Starting at the line that contains "this 1584×1584 image.", restate each line word for word through the final line of the data, keeping both ends.

- [Referring expression grounding data]:
>>

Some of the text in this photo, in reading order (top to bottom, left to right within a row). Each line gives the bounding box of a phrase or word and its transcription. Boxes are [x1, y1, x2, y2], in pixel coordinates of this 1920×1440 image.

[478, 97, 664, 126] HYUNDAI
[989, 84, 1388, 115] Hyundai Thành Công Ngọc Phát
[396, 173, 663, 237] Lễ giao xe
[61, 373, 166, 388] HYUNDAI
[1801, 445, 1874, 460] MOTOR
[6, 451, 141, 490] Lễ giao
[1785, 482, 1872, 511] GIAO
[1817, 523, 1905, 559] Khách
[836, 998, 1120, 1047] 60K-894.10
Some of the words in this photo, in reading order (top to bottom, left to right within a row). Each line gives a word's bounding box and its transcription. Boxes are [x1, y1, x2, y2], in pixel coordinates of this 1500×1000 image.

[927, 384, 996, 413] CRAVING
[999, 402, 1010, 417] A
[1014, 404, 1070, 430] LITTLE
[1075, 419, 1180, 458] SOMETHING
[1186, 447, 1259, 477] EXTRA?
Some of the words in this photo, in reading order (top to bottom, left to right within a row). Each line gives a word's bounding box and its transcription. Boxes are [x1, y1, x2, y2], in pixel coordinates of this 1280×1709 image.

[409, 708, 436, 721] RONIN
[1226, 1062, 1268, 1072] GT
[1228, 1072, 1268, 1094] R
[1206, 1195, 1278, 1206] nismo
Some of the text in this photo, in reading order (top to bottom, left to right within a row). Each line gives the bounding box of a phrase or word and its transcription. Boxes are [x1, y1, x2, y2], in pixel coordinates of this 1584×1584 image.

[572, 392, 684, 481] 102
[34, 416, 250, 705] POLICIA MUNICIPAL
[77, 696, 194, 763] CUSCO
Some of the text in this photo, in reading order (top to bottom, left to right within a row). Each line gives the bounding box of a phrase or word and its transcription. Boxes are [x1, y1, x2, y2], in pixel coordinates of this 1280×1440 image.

<<

- [Output of the exercise]:
Some of the text in this photo, in reading order (top to bottom, left to right within a row). Each line gives the bounding box of a phrase or word and its transcription. Boxes are [x1, y1, x2, y2], in pixel coordinates of this 1584×1584 image.

[572, 392, 684, 481] 102
[34, 416, 250, 705] POLICIA MUNICIPAL
[77, 696, 194, 763] CUSCO
Some of the text in this photo, in reading order (top to bottom, left to right within a row). Each line gives the bounding box of a phrase or word and its transcription. Boxes are [x1, y1, x2, y2], in pixel coordinates of this 1280×1440 image.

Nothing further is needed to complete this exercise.